## Brief
After locating the line that contains "Some of the text", output that line and each one following it, exactly, to the end of the entries. No pictures.

Images for object localization

◇ ◇ ◇ ◇ ◇

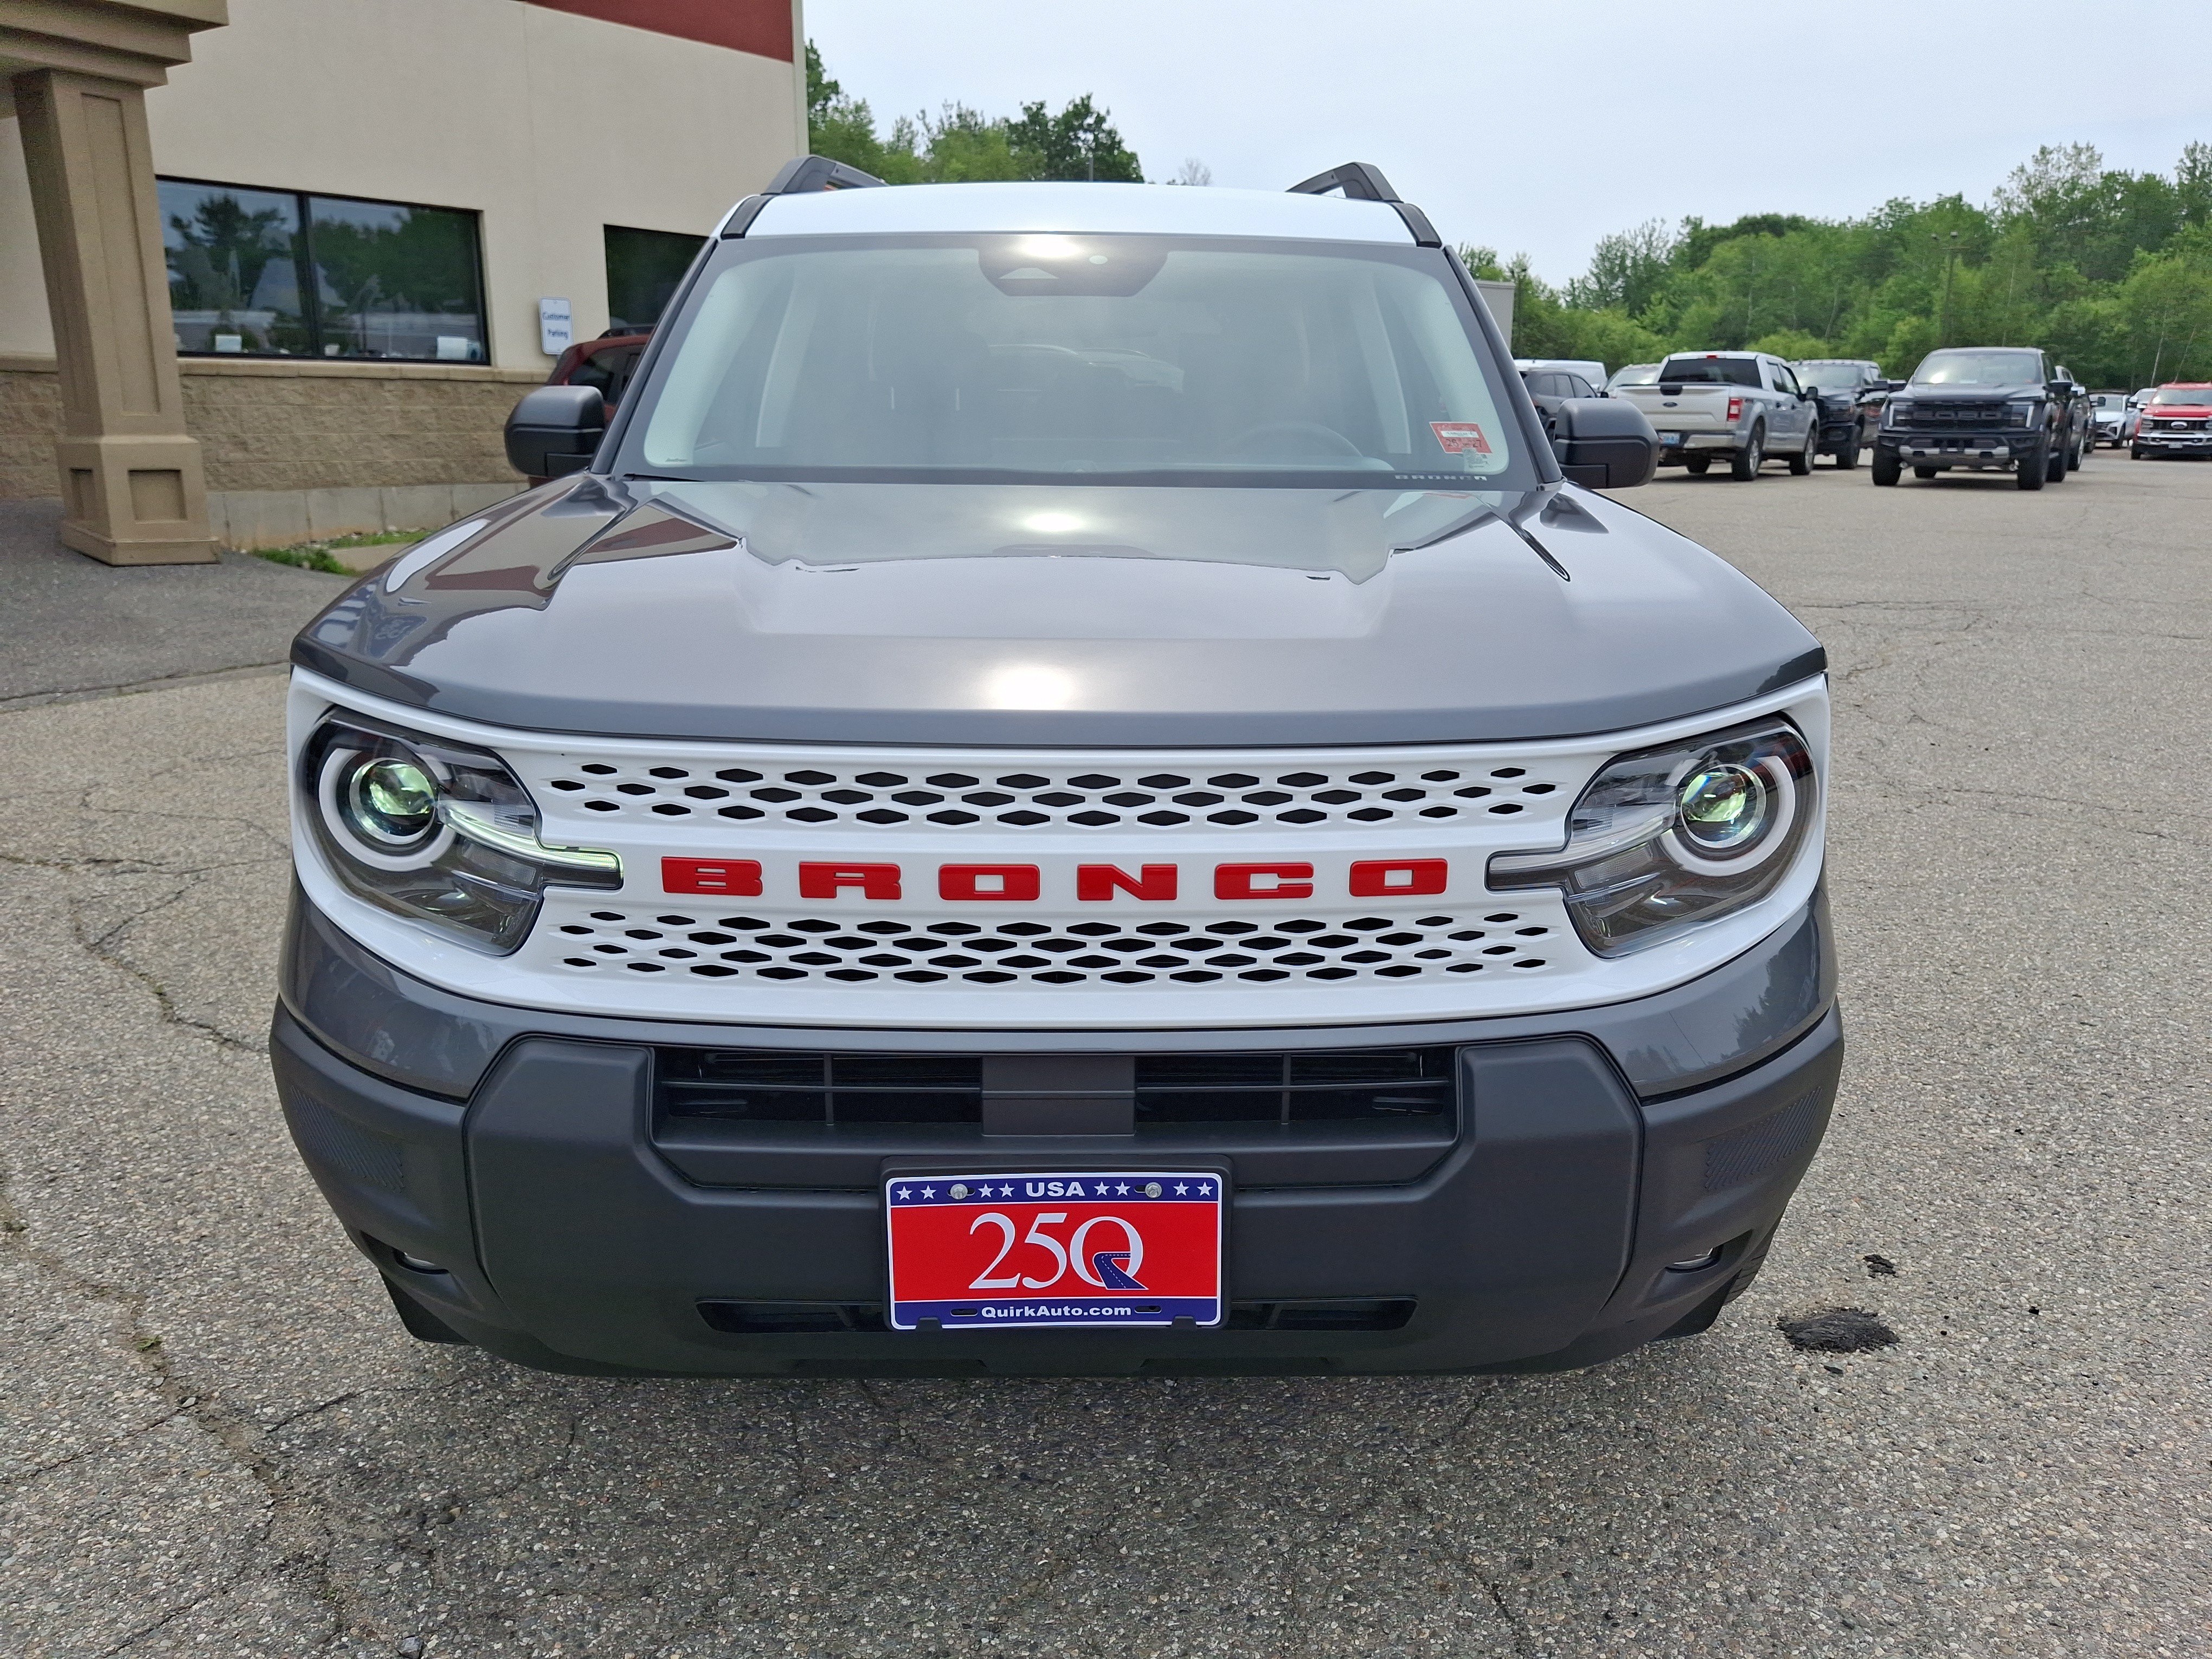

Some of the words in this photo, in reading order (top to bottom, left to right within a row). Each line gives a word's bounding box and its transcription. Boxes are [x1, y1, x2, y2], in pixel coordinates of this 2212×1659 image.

[548, 328, 568, 339] Parking
[661, 856, 1448, 901] BRONCO
[1026, 1181, 1085, 1197] USA
[981, 1305, 1131, 1318] QuirkAuto.com
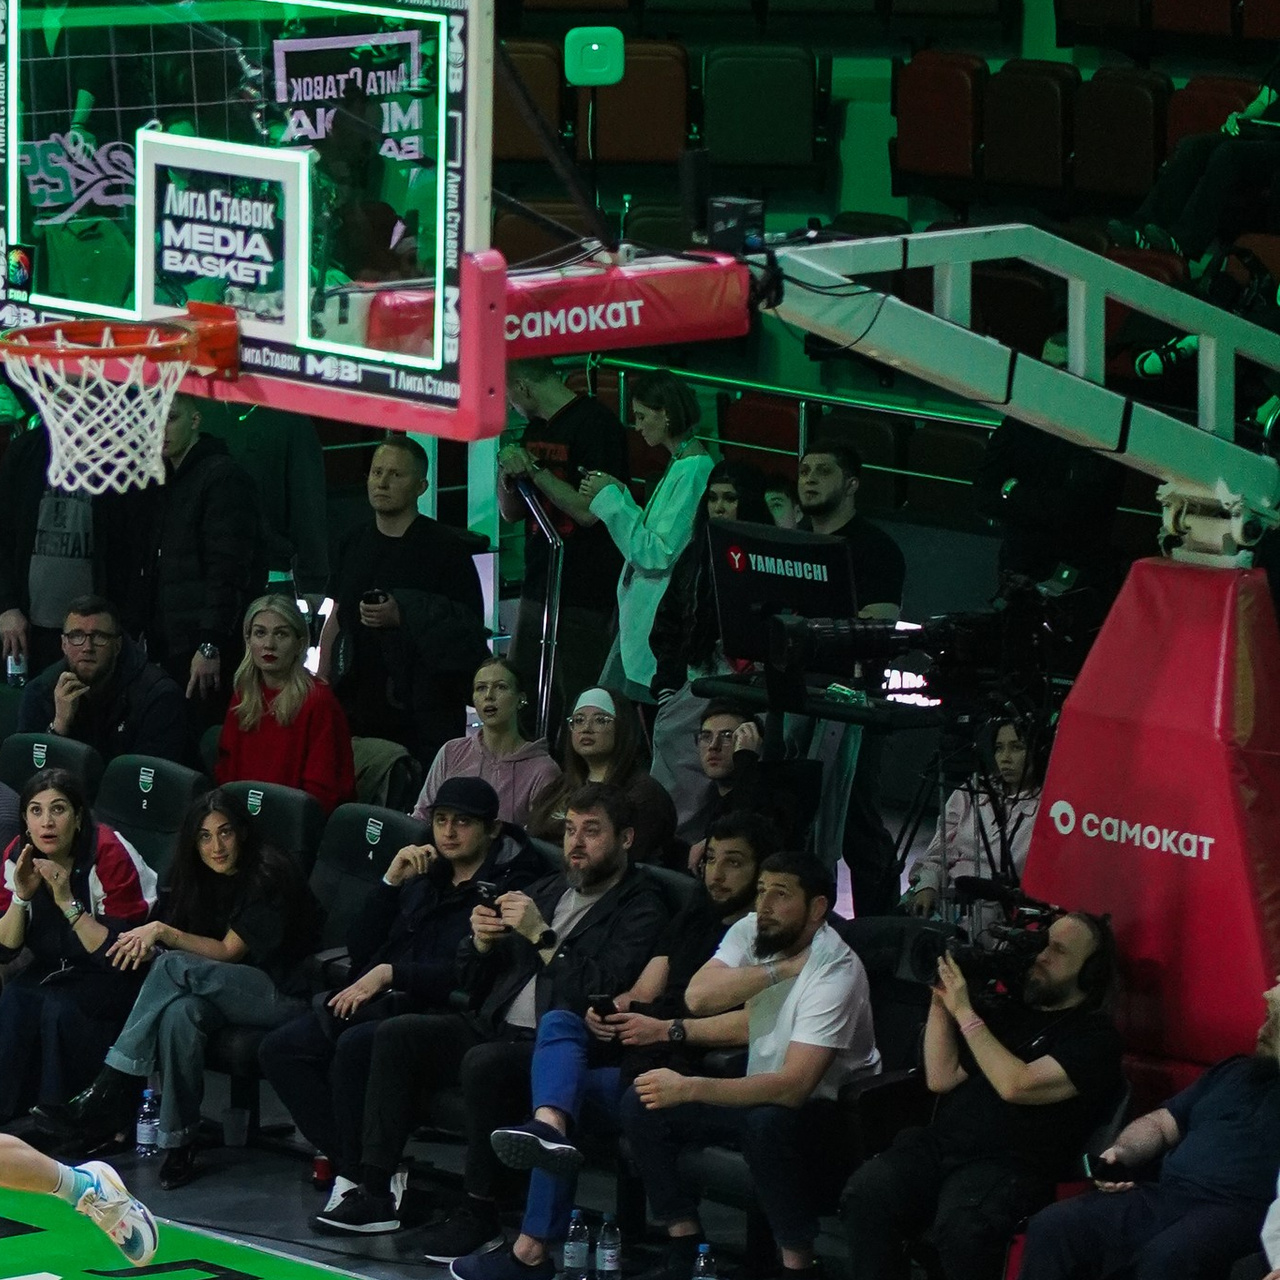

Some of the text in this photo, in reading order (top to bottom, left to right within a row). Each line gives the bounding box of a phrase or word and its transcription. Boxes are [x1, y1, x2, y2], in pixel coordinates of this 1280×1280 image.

[163, 220, 274, 262] MEDIA
[162, 249, 274, 286] BASKET
[504, 299, 645, 341] самокат
[425, 375, 461, 400] СТАВО
[748, 553, 828, 582] YAMAGUCHI
[1081, 813, 1215, 860] самокат
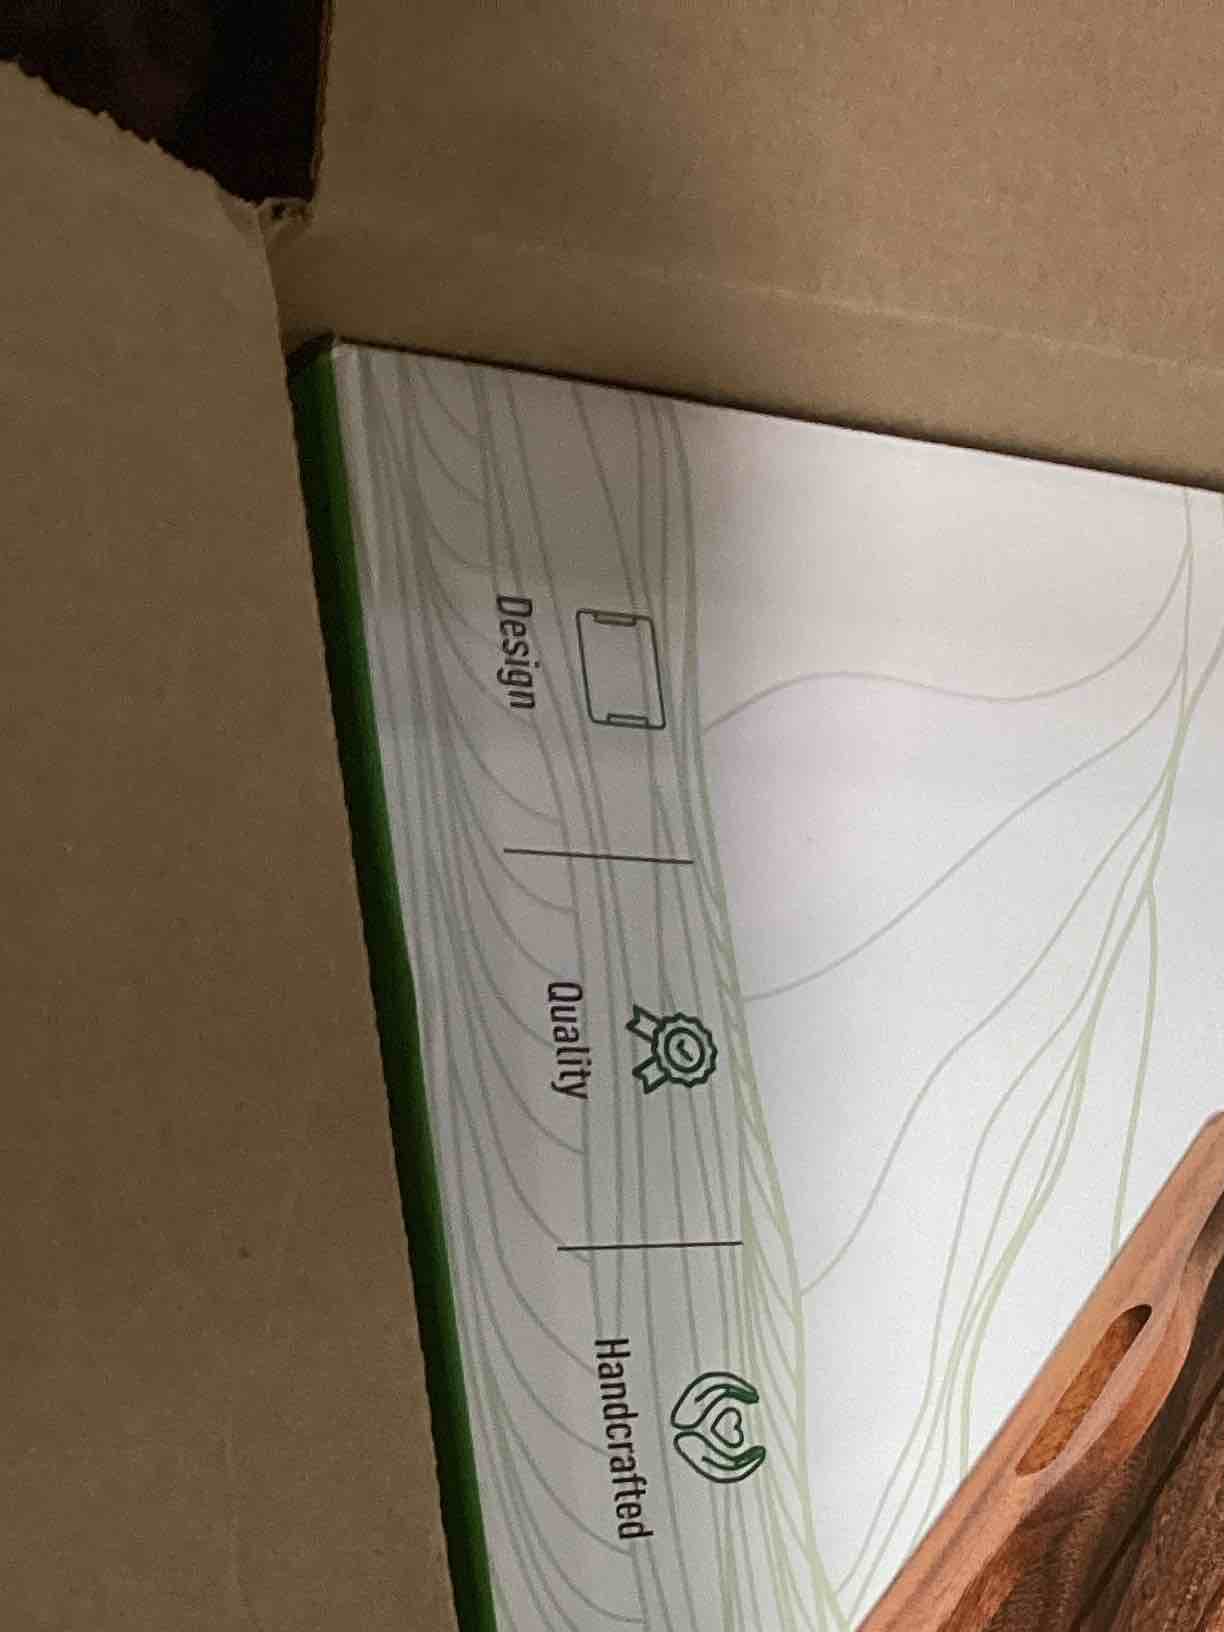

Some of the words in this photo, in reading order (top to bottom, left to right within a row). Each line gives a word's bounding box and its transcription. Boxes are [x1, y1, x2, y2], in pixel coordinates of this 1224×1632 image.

[495, 593, 538, 711] Design
[546, 981, 593, 1100] Quality
[593, 1336, 652, 1541] Handcrafted

◇ ◇ ◇ ◇ ◇

## Finished task
Some of the text in this photo, in reading order (top to bottom, left to right within a row). Each line gives the bounding box of a phrase or word and its transcription. Boxes are [x1, y1, x2, y2], in pixel coordinates of this 1280×1280 image.

[163, 220, 274, 262] MEDIA
[162, 249, 274, 286] BASKET
[504, 299, 645, 341] самокат
[425, 375, 461, 400] СТАВО
[748, 553, 828, 582] YAMAGUCHI
[1081, 813, 1215, 860] самокат

Some of the words in this photo, in reading order (top to bottom, left to right within a row). Each line gives a word's bounding box and its transcription. Boxes are [x1, y1, x2, y2], in pixel coordinates of this 1224×1632 image.

[495, 593, 538, 711] Design
[546, 981, 593, 1100] Quality
[593, 1336, 652, 1541] Handcrafted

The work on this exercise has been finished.